Seul le champ de la création permet cette expérimentation-là. Je ne sépare pas la culture anthropologique et la culture dite cultivée puisque, c’est la même, mais avec des régimes particuliers. La scène, le musée, l’atelier de l’artiste, l’endroit où l’on danse, ce sont des espaces dans lesquels on va scénographier la cohabitation humaine. Par les œuvres, on scénographie l’expérience humaine et on en retire les pages d’un livre, des photographies… Comme toute scénographie, ça passe par des techniques, par des manières de montrer, de faire entendre, de placer en situation d’observation et d’écoute. Tout ça est de l’ordre pour moi de ce que j’appelle la scénographie de l’expérience humaine de cohabitation.
Si à un moment ou un autre, une scénographie ne pose pas des questions anthropologiques, politiques et éthiques, cela ne m’intéresse pas. L’œuvre d’art pour l’œuvre d’art ne m’intéresse pas. Je peux l’apprécier, mais pour moi, elle n’est pas là où elle devrait se situer. On me dira qu’il y a aussi une culture purement distractive qui produit une sorte d’expérience affinitaire importante.

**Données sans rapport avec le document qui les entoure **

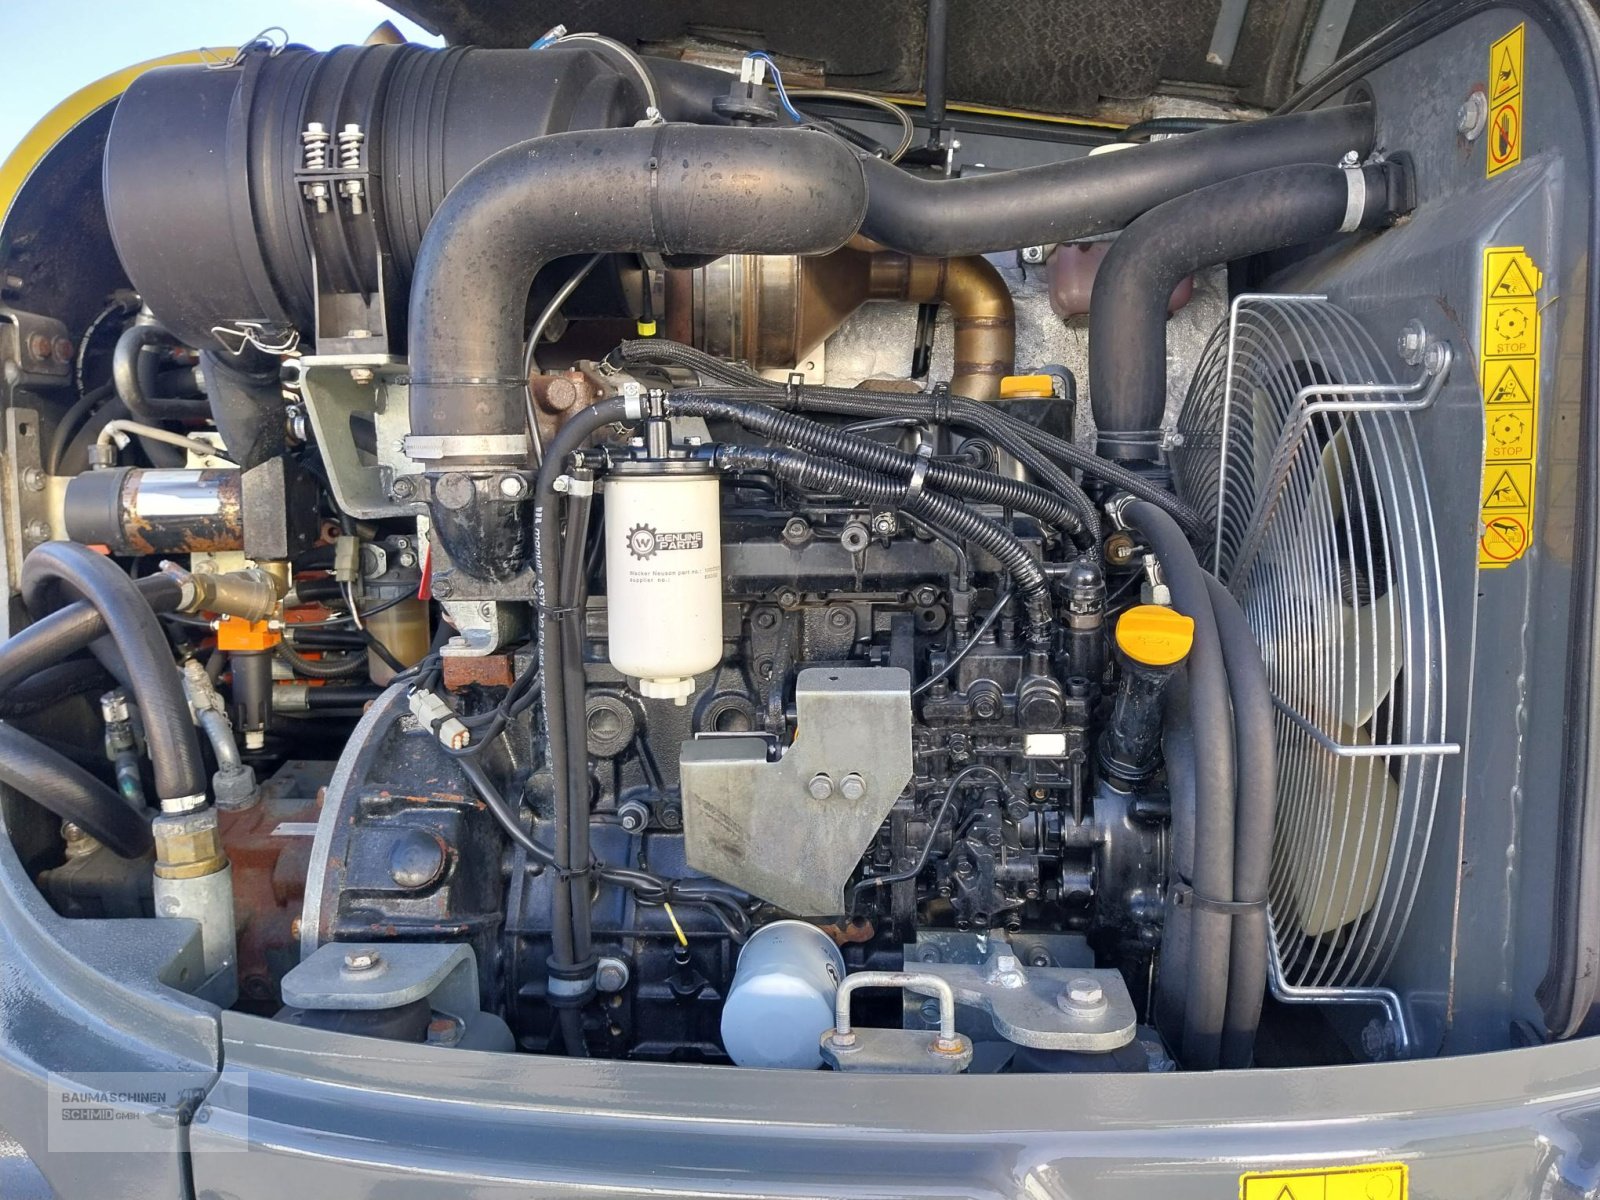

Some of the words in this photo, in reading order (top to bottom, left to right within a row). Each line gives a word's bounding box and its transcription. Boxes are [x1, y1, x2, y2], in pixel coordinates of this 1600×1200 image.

[1497, 343, 1527, 353] STOP
[1493, 446, 1523, 457] STOP
[655, 532, 702, 543] GENUINE
[659, 541, 699, 550] PARTS

Ces expériences affinitaires sont de fait aussi des expériences anthropologiques. Mais je pense que les œuvres d’art les plus radicales, et les plus intéressantes selon moi, sont toujours les œuvres d’art qui fussent obliquement mettent à nu sapiens et son expérience. Qu’elles travaillent le fond du langage, les pulsions les plus terribles, les aspirations les plus absconses, il y a toujours un moment ou un autre dans une œuvre qui fonctionne, c’est-à-dire qui performe, quelque chose qui fait que le spectateur est pris, troublé, happé par une proposition qui l’émeut, qui le met en mouvement parce que cette proposition parle de lui en tant qu’individu et dans sa relation au monde.
Les créations artistiques ce sont simplement des registres particuliers de cohabitation humaine qui nous permettent de nous scénographier. Ce que j’aime bien dans un certain nombre de scénographies créatrices et ce que je crois aussi être le rôle de la pensée, c’est de provoquer et nourrir la réflexivité c’est-à-dire de faire en sorte que nous ne soyons pas aveugles à nous-mêmes. Or tout nous pousse à être aveugles à nous-mêmes, y compris le système consumériste lui-même, qui a plutôt intérêt à ce que nous ne soyons jamais réflexifs pour pouvoir continuer d’exister sans changer.